Exercise directions
Transcribe the records that follow. Keep every word exactly, and drop the pictures.

Records supplied

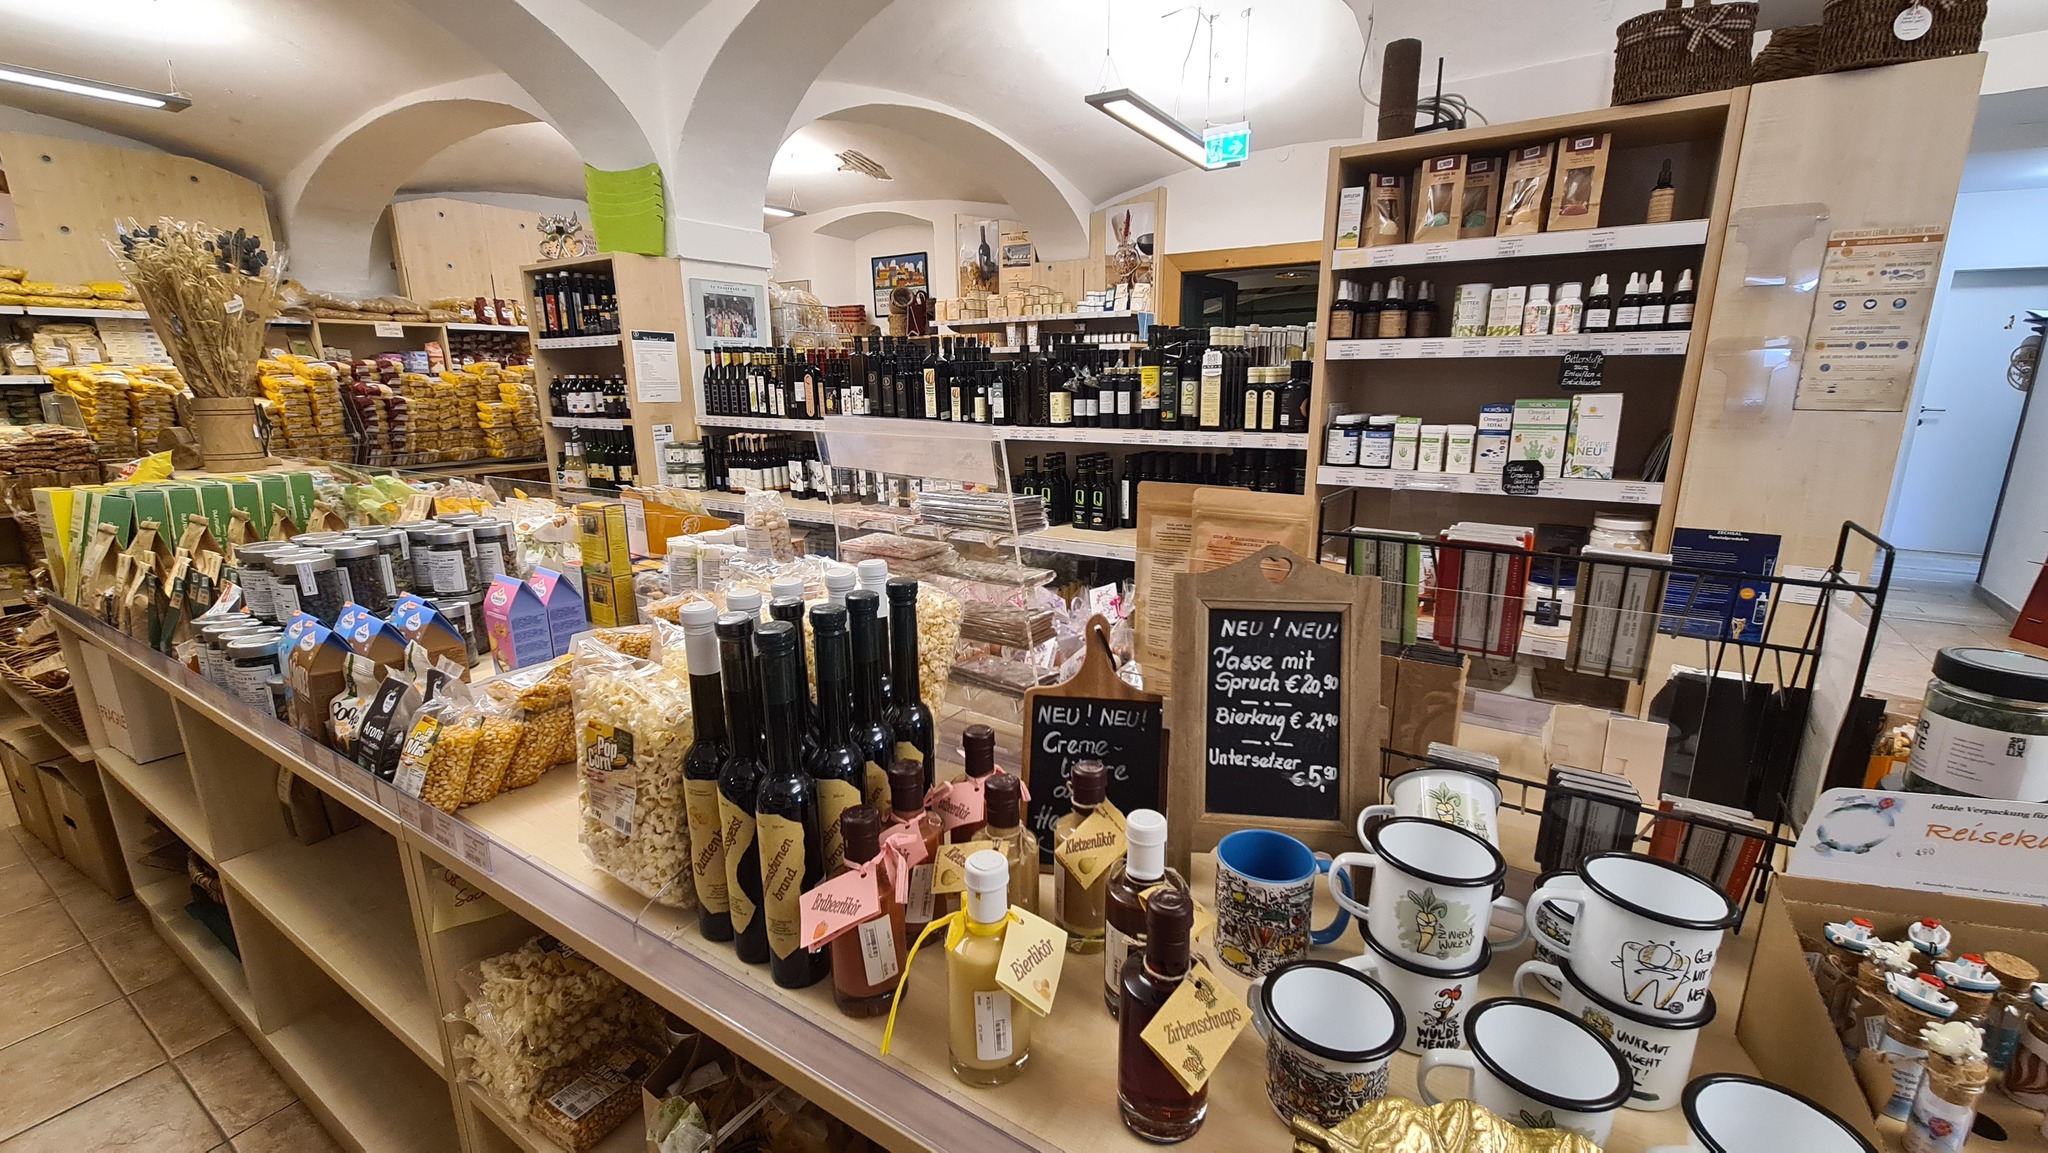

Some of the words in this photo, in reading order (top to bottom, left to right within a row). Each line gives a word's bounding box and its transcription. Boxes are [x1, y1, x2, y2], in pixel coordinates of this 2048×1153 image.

[1182, 383, 1194, 406] bio
[1075, 489, 1085, 506] Q
[1093, 491, 1103, 507] Q
[1213, 646, 1273, 671] Tasse
[1281, 650, 1316, 670] mit
[1215, 671, 1280, 698] Spruch
[1216, 707, 1286, 741] Bierkrug
[588, 747, 612, 771] Corn
[597, 736, 618, 762] Pop
[1209, 747, 1302, 770] Untersetzer
[1931, 803, 1964, 812] Ideale
[1967, 806, 2030, 819] Verpackung
[2032, 811, 2048, 820] für
[1065, 831, 1117, 855] Kletzenlikör
[1925, 822, 2048, 849] Reisek
[772, 867, 798, 902] brand
[811, 893, 862, 917] Erdbeerlikör
[1010, 939, 1055, 982] Eierlikör
[1163, 1006, 1242, 1045] Zirbenschnaps
[1417, 1025, 1460, 1040] WÜLDE
[1616, 1029, 1671, 1056] UNKRAUT
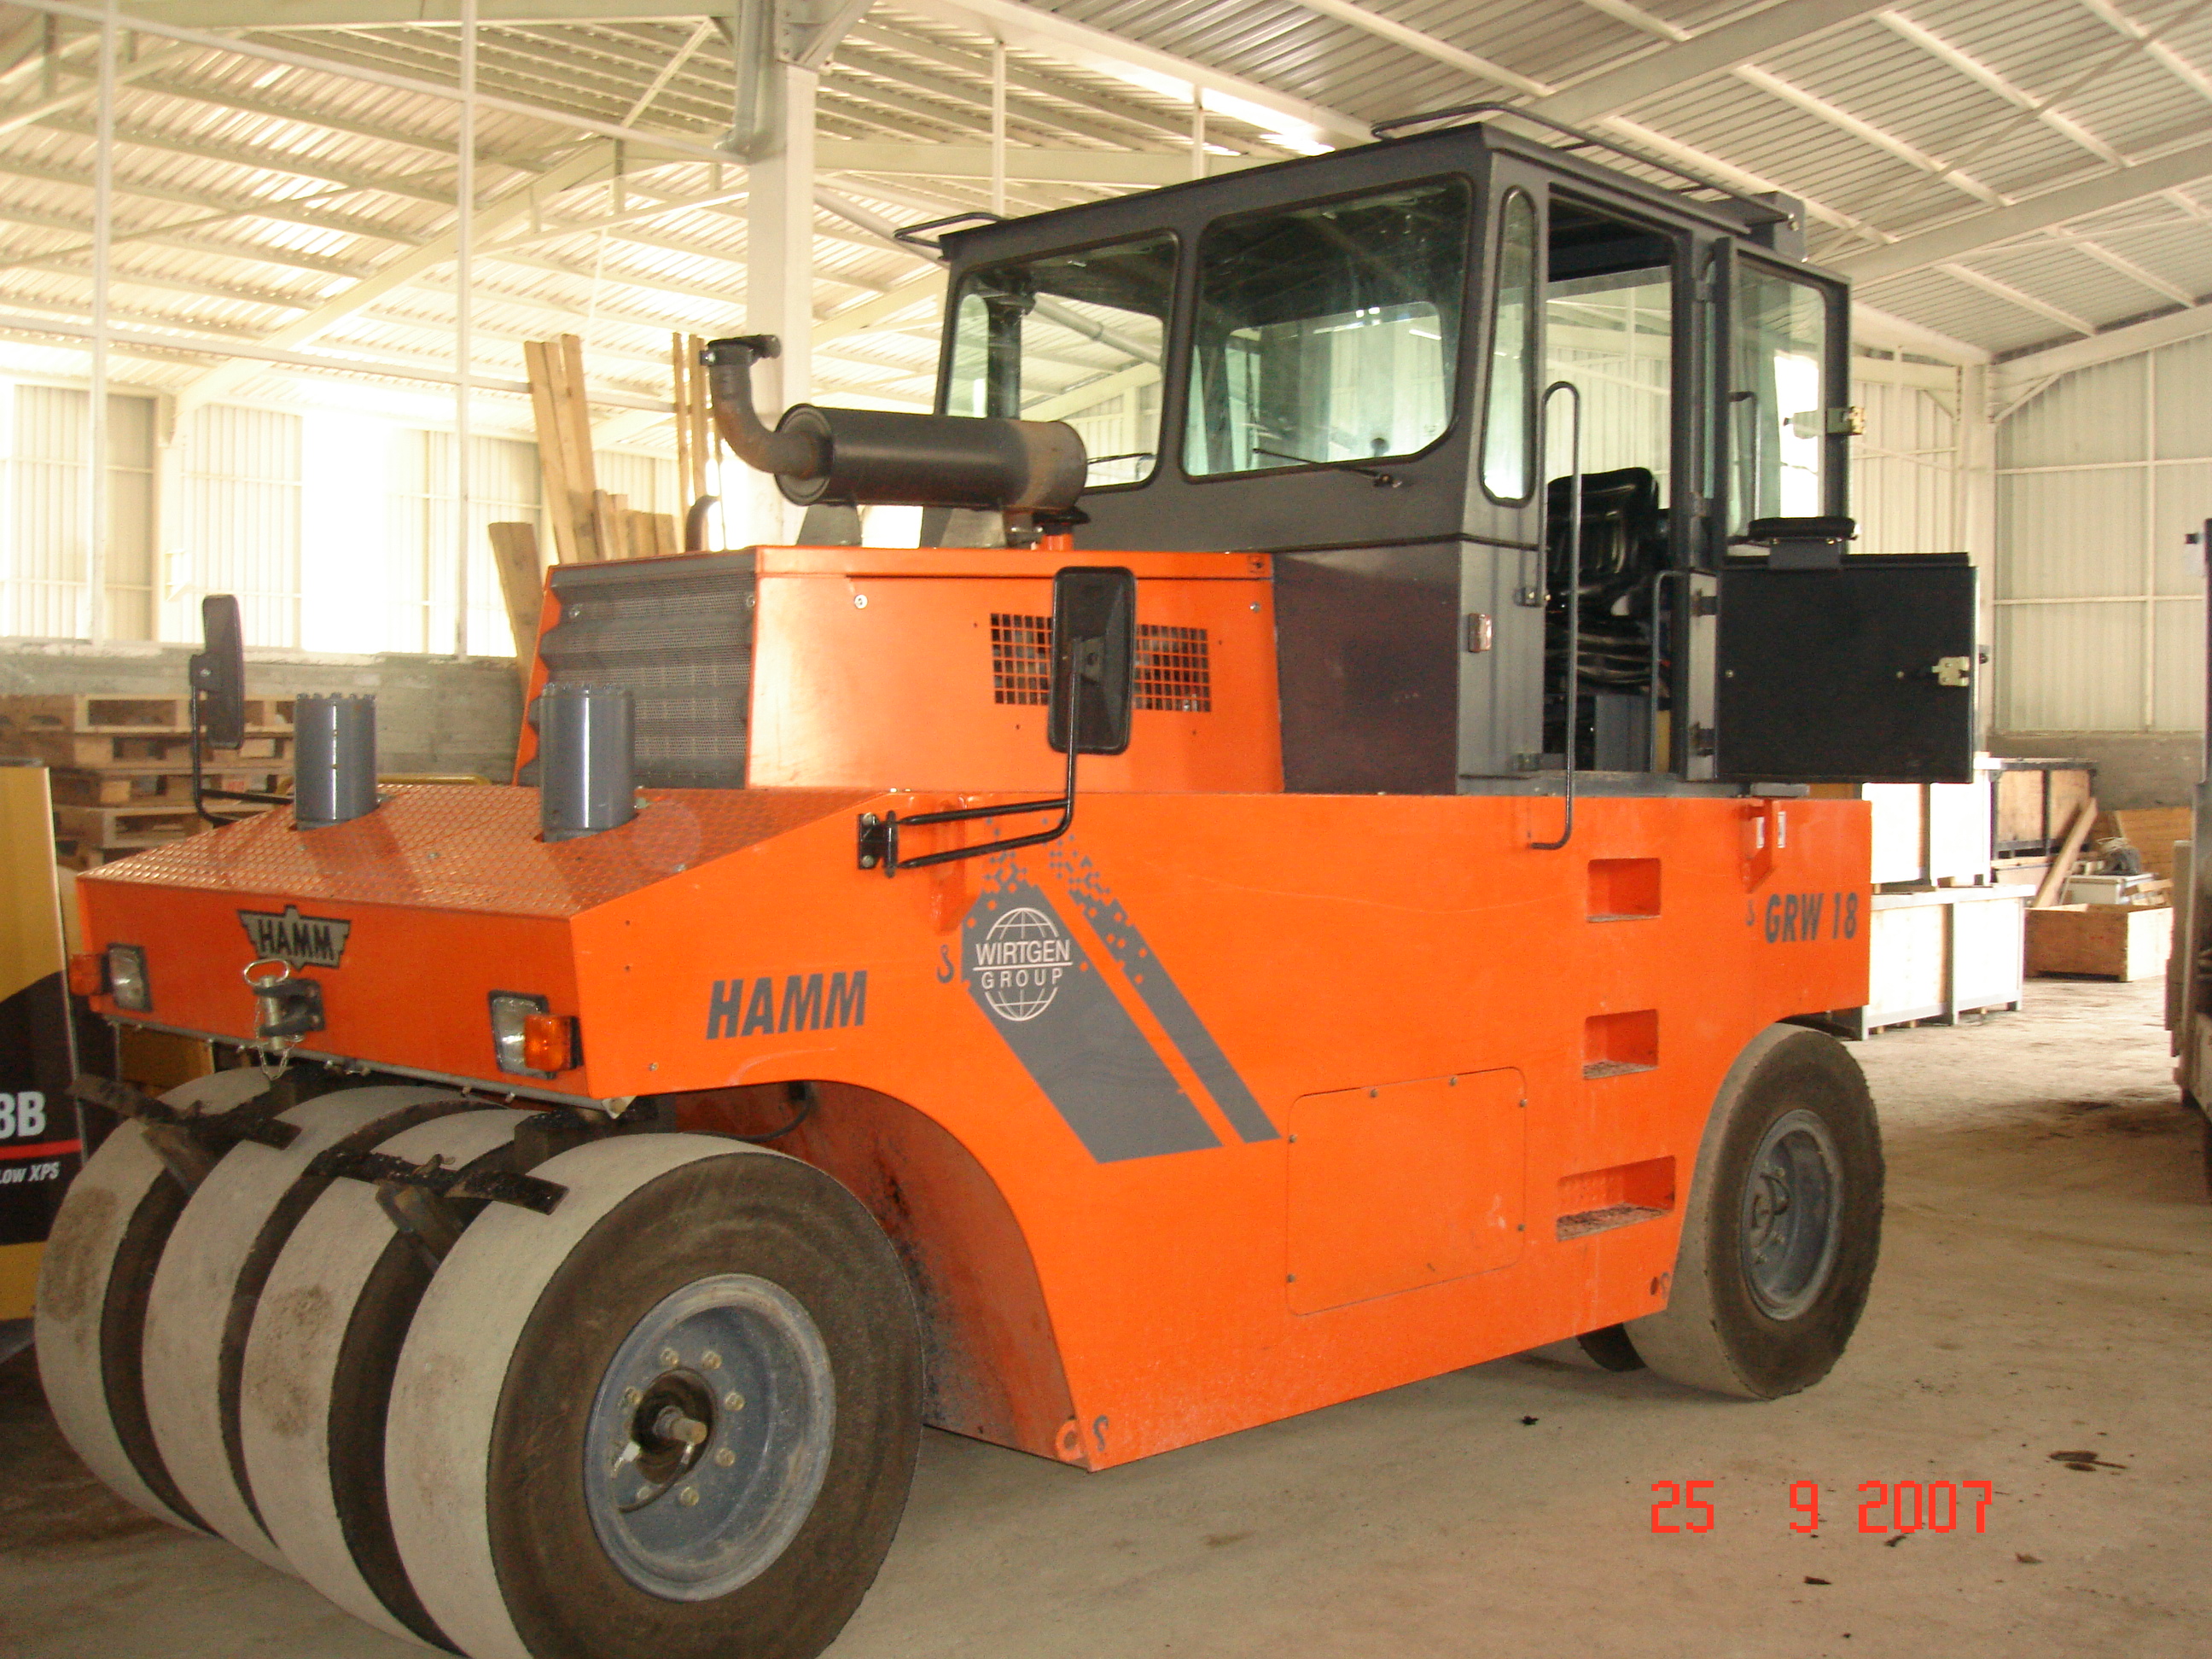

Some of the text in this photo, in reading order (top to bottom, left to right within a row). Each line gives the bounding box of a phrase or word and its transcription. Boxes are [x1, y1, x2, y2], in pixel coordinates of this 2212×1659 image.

Answer
Some of the words in this photo, in reading order (top to bottom, left to right within a row). Each line gives a word's bounding box and its transcription. Boxes are [x1, y1, x2, y2], in pixel coordinates of this 2048×1153 image.

[1182, 383, 1194, 406] bio
[1075, 489, 1085, 506] Q
[1093, 491, 1103, 507] Q
[1213, 646, 1273, 671] Tasse
[1281, 650, 1316, 670] mit
[1215, 671, 1280, 698] Spruch
[1216, 707, 1286, 741] Bierkrug
[588, 747, 612, 771] Corn
[597, 736, 618, 762] Pop
[1209, 747, 1302, 770] Untersetzer
[1931, 803, 1964, 812] Ideale
[1967, 806, 2030, 819] Verpackung
[2032, 811, 2048, 820] für
[1065, 831, 1117, 855] Kletzenlikör
[1925, 822, 2048, 849] Reisek
[772, 867, 798, 902] brand
[811, 893, 862, 917] Erdbeerlikör
[1010, 939, 1055, 982] Eierlikör
[1163, 1006, 1242, 1045] Zirbenschnaps
[1417, 1025, 1460, 1040] WÜLDE
[1616, 1029, 1671, 1056] UNKRAUT

Some of the text in this photo, in reading order (top to bottom, left to right within a row). Each line gives the bounding box of a phrase or word and its transcription. Boxes are [x1, y1, x2, y2], in pixel coordinates of this 2212×1659 image.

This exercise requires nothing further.